Having an extra $150 would give us more money for our budget, or we could keep paying that money towards our new mortgage, and we’d cut eight years off our payments without paying an extra dollar. It was a no brainer.
Should you refinance?
That’s a good question, and (as with all things money) it depends on a number of factors. If you can answer yes to the following questions, it makes sense to look into refinancing:
- Have you had your mortgage for less than 10 years?
- Are you currently paying more than around 5.5% in interest?
- Are you going to be in your house for more than two years?
Each of those questions speaks to factors that affect mortgages, and the math can get a little tricky. Thankfully, there are free online calculators that’ll do the math for you and help you figure out if it makes sense to refinance.
Photo by Dave Kliman
How do I refinance?
1. Decide on your goal
If your primary goal is to free up money in your monthly budget, you probably want to go with a 30-year fixed-rate mortgage (what Sarah and I did). You’ll have a slightly higher interest rate than a 15-year mortgage, but there’s less due each month (and you can usually pay more than the minimum if you want to pay it off more quickly).
If you chiefly want to pay your mortgage quickly and with the least amount of interest possible, you’ll probably want to go with a 15-year fixed-rate mortgage (what Tsh and Kyle did). You’ll have to pay more each month, but you’ll be done with your mortgage in half the time.

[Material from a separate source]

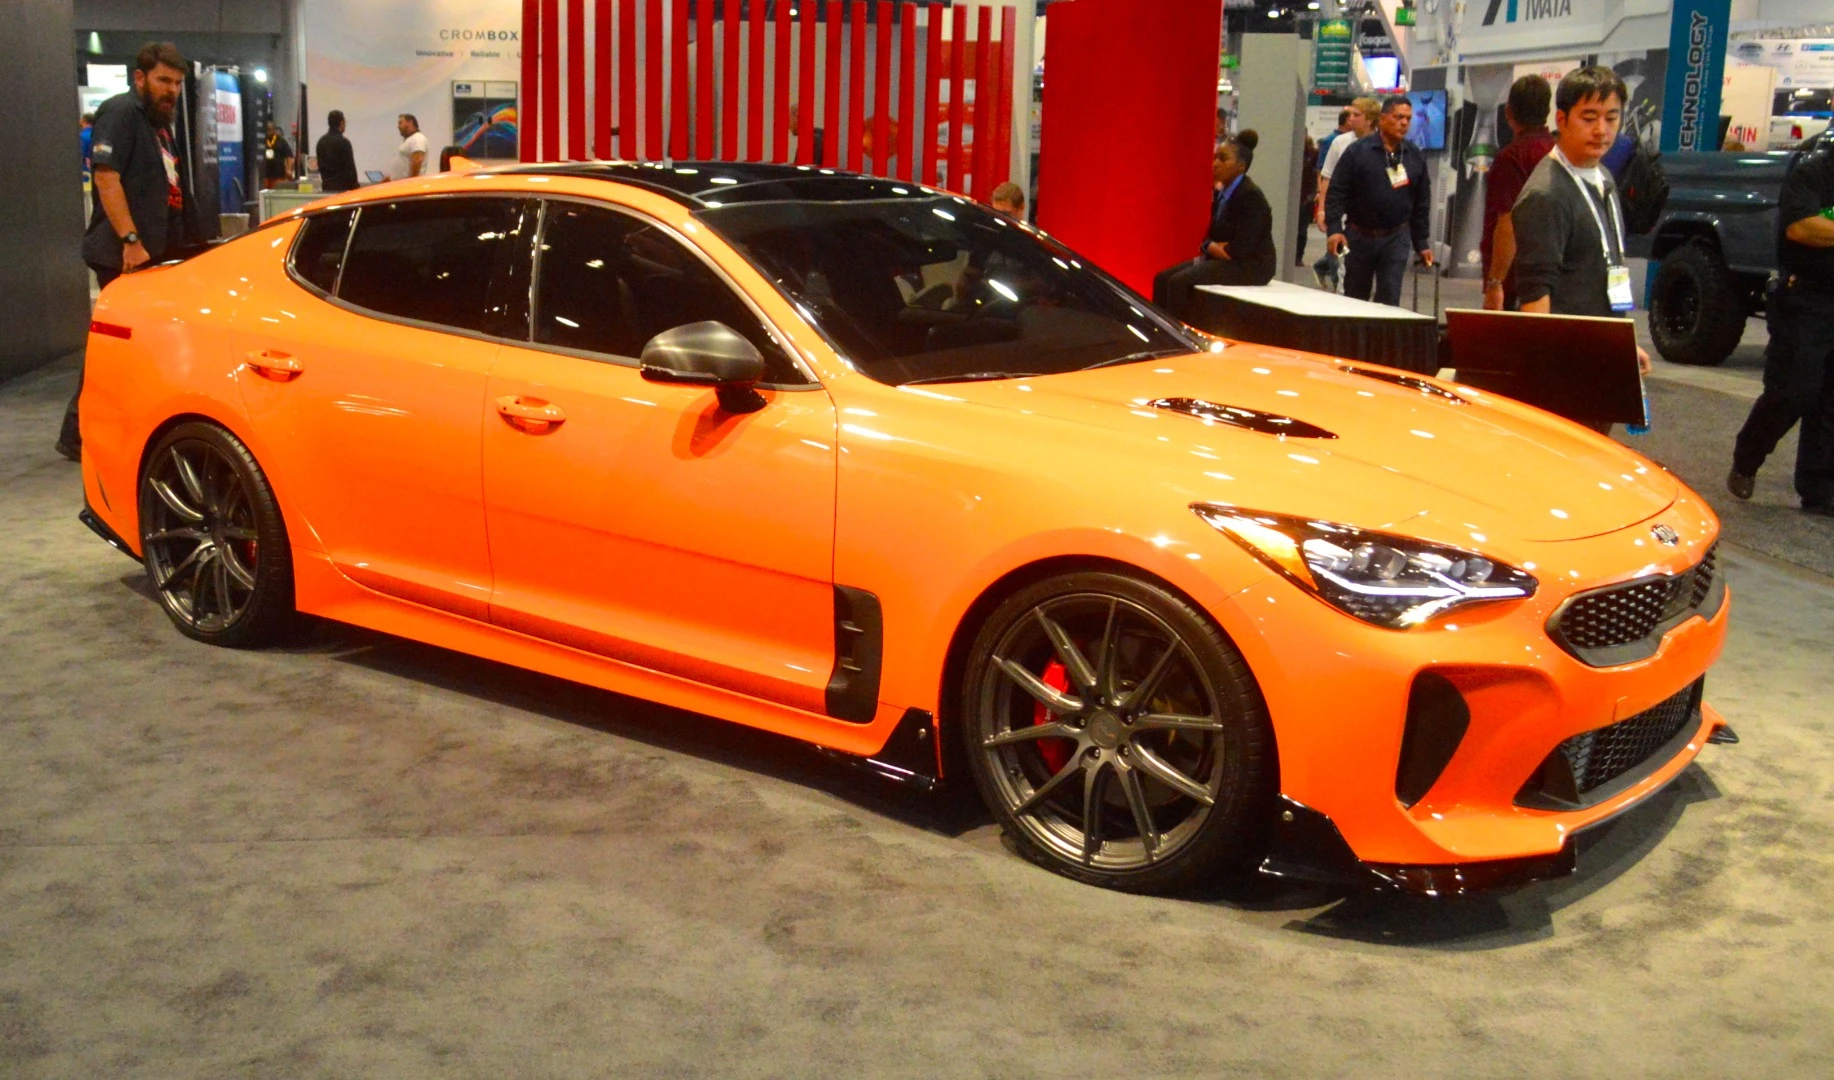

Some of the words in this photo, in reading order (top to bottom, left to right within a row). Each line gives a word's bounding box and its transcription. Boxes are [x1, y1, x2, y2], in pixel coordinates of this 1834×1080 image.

[439, 29, 519, 41] CROMBOX
[415, 49, 454, 57] Innovative
[470, 50, 500, 58] Reliable

One commonly-advertised kind of mortgage you’ll want to avoid is an adjustable-rate mortgage. (Avoid! Avoid!) These loans can change their rate over time, so your lovely low rate now can jump higher in years to come.
2. Shop around
You’ll want to find out from the lenders:
- What rate can they offer you?
- What are all the fees associated with the loan and the refinancing?

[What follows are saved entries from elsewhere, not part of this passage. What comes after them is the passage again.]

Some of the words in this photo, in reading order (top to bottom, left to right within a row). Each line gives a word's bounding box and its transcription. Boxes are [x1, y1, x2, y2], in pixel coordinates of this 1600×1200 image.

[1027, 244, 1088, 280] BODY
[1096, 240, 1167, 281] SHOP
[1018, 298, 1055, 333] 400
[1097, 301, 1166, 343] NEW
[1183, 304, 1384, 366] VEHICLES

- Are there any pre-payment penalties with the mortgage? (Boo!)
We got rough rate quotes from all of them, and ended up going with Quicken Loans, because they offered us the best terms. (Although we like supporting a local bank with our checking accounts, we found that the national banks and large-scale lenders offered better mortgage rates.)
We worked with a great agent, Rob McKenney, who talked us through everything on the phone in about 10 minutes. (You can call him direct, if you want: 1-800-226-6308 x31992. I don’t benefit in any way by mentioning him!)
As you consider the offers from different lenders, check the fine print to be sure that the loans you’re comparing have similar terms (some lenders will try to bait you with a low adjustable-rate, then switch on you).
After you’ve chosen your lender, they’ll need paperwork like income statements and copies of your tax returns. They’ll walk you through this. Our lender even had a slick online interface that showed what we still needed to turn in.
The lender will also do a title search to make sure you actually own the house and that there aren’t any liens on it or other things that might cause problems. They also might send out an appraiser to give them a good estimate of what the house is worth. (A good excuse to clean up!)
4. Sign the papers
Our lender sent a notary public to us to do the signing, but if you’re working with a bank, you’ll probably just go to their office to sign the papers. We signed the papers, and that was it. It wasn’t bad.
All told, it takes about a month (sometimes a little less) to go through the process. And, in the end, we have $1,800 a year to go towards other things in our budget!
Refinancing isn’t for everyone, but if you’re looking to free up some money — or pay down your mortgage faster — refinancing could make a lot of sense.
Have you refinanced recently? Did I miss any of the key hoops that you had to jump through, or considerations you had to factor in to your decision? And if you have refinanced, what did you do with the extra money each month?